- **Exercise aim**:
Repeat the following entries exactly, excluding pictures.

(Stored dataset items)

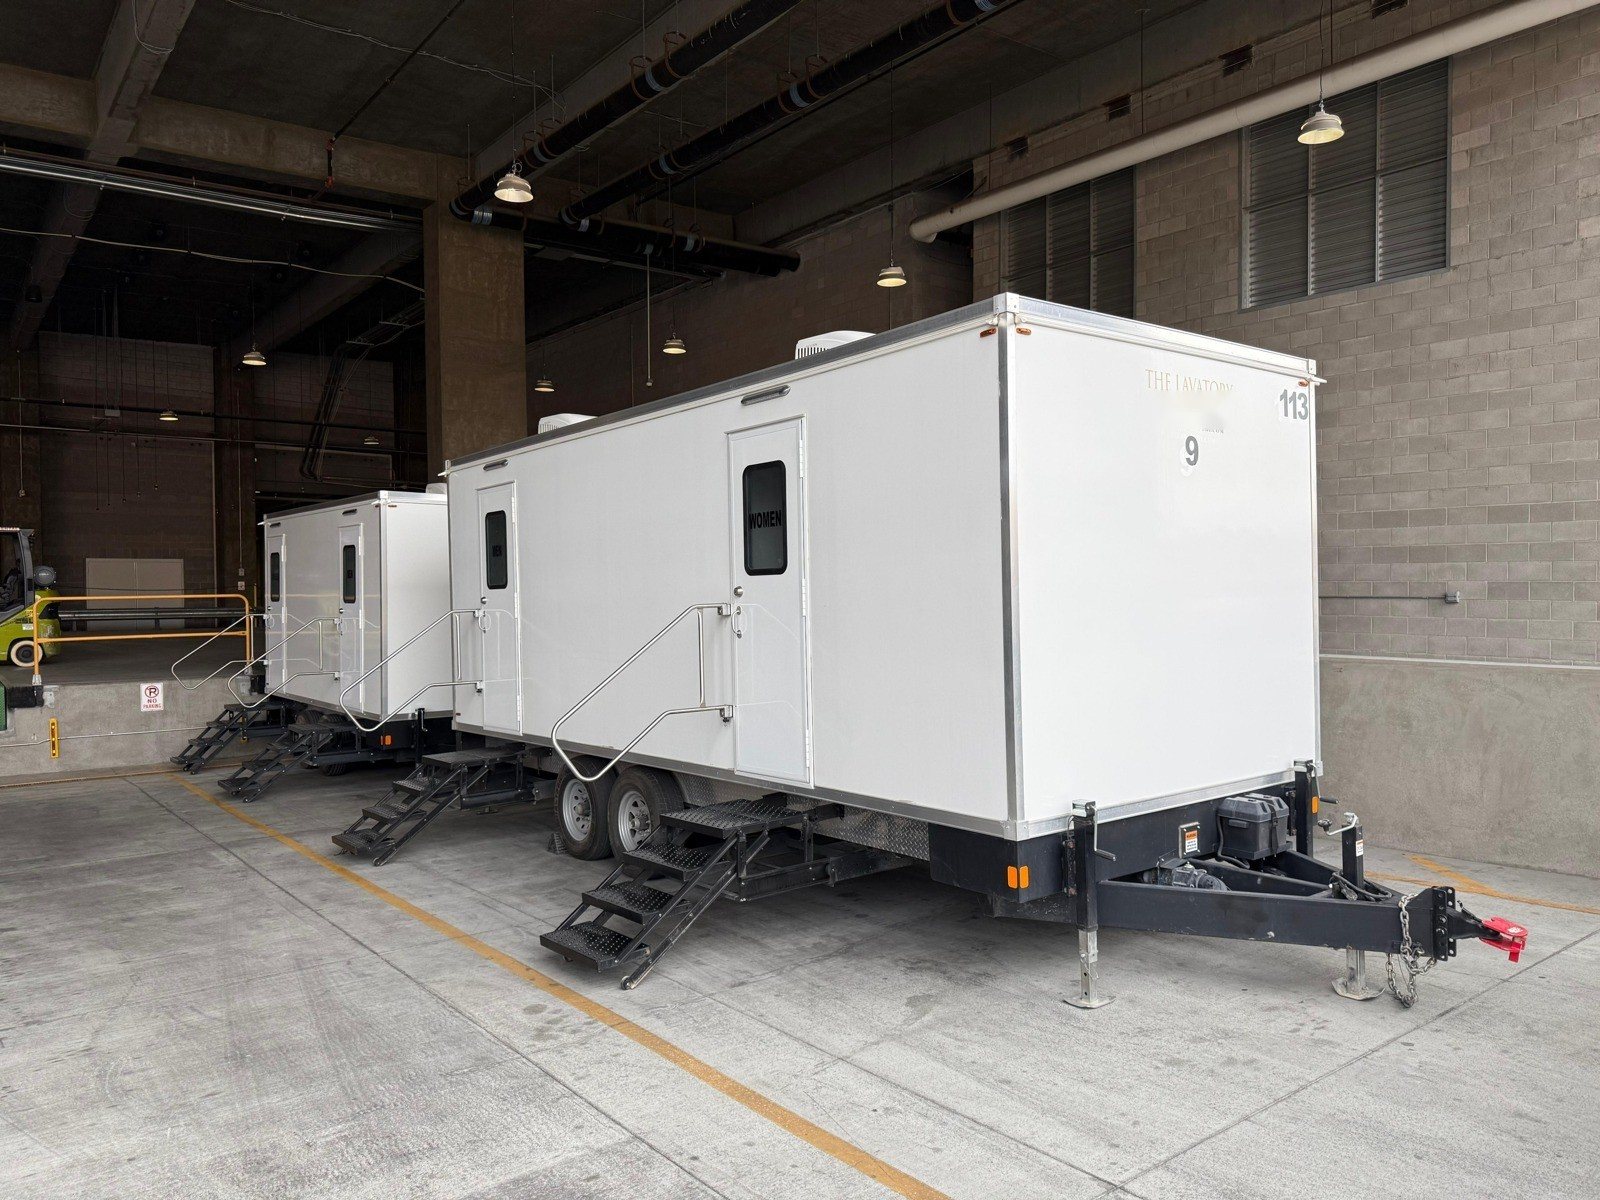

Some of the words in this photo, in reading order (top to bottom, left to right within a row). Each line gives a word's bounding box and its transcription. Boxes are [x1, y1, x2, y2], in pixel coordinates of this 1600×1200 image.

[1145, 369, 1171, 391] THE
[1279, 389, 1308, 420] 113
[1185, 435, 1199, 466] 9
[749, 509, 782, 529] WOMEN
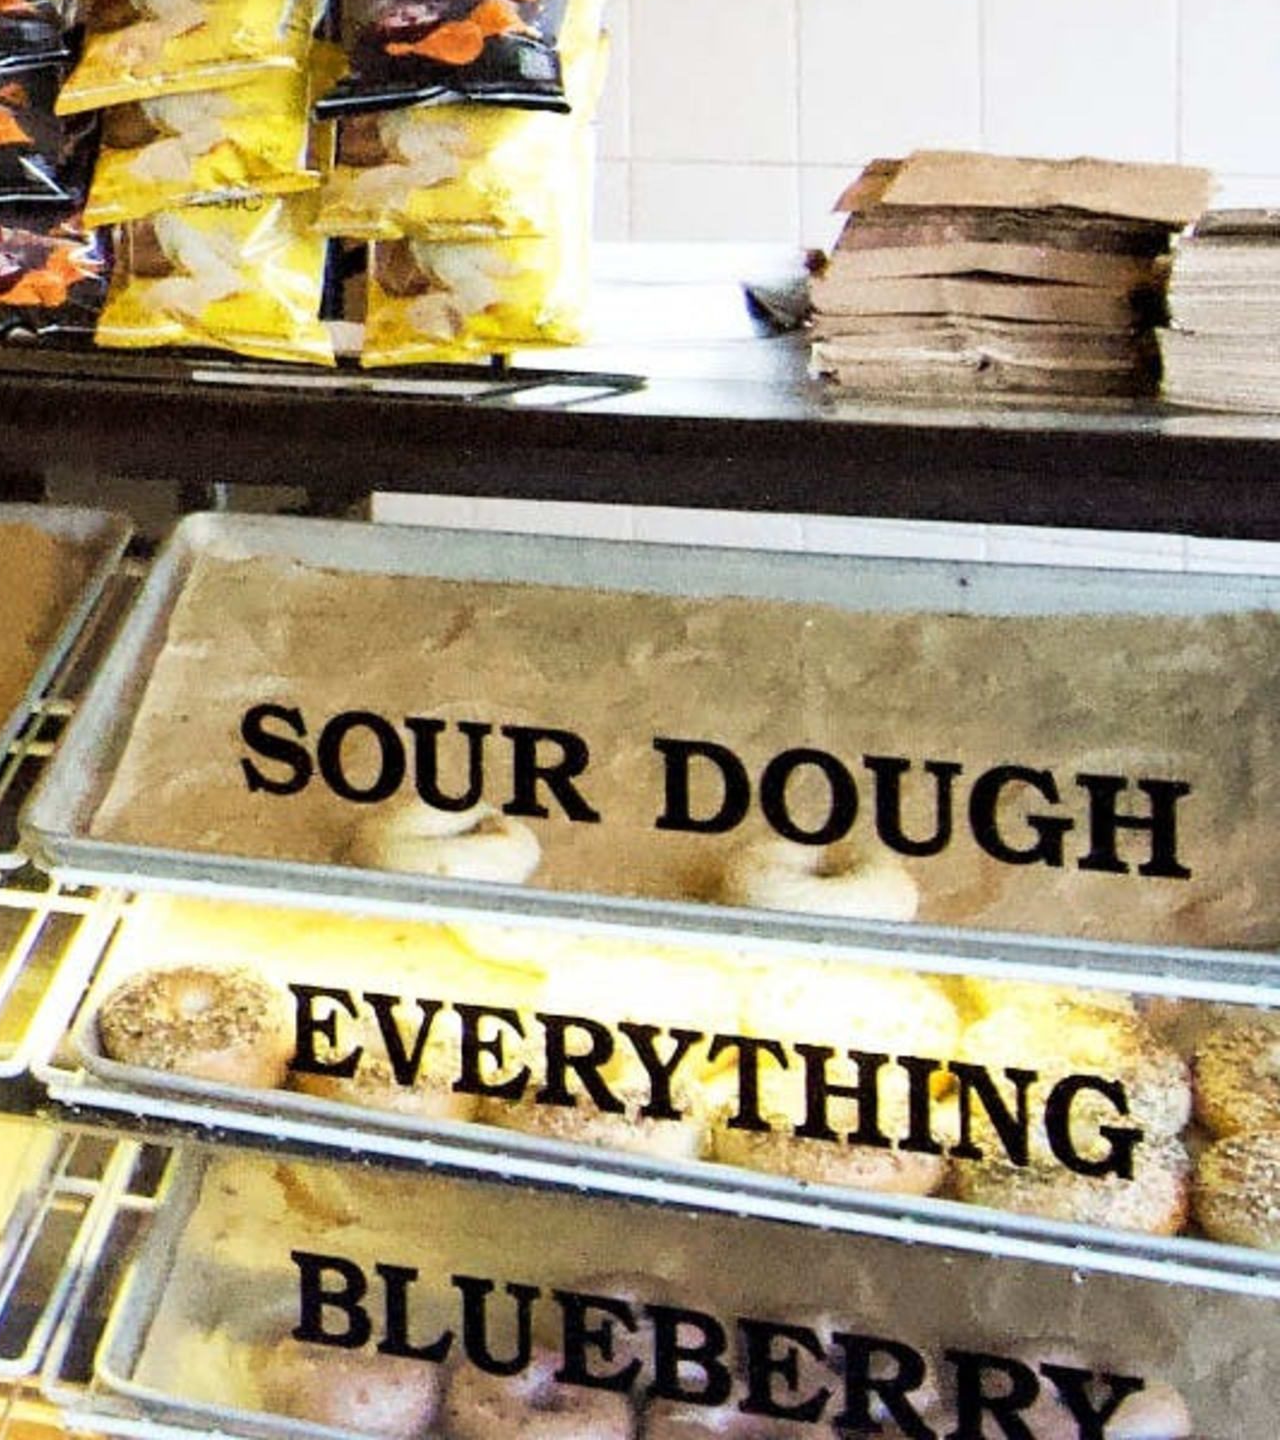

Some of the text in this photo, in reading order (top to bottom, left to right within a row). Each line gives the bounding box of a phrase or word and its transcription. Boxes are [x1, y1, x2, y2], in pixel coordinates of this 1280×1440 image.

[240, 702, 1193, 880] SOUR DOUGH
[288, 982, 1146, 1181] EVERYTHING
[290, 1249, 1146, 1440] BLUEBERRY

- **Result**:
Some of the words in this photo, in reading order (top to bottom, left to right within a row). Each line gives a word's bounding box and its transcription. Boxes are [x1, y1, x2, y2], in pixel coordinates of this 1600×1200 image.

[1145, 369, 1171, 391] THE
[1279, 389, 1308, 420] 113
[1185, 435, 1199, 466] 9
[749, 509, 782, 529] WOMEN

Some of the text in this photo, in reading order (top to bottom, left to right within a row). Each line gives the bounding box of a phrase or word and its transcription. Boxes are [x1, y1, x2, y2], in pixel coordinates of this 1280×1440 image.

[240, 702, 1193, 880] SOUR DOUGH
[288, 982, 1146, 1181] EVERYTHING
[290, 1249, 1146, 1440] BLUEBERRY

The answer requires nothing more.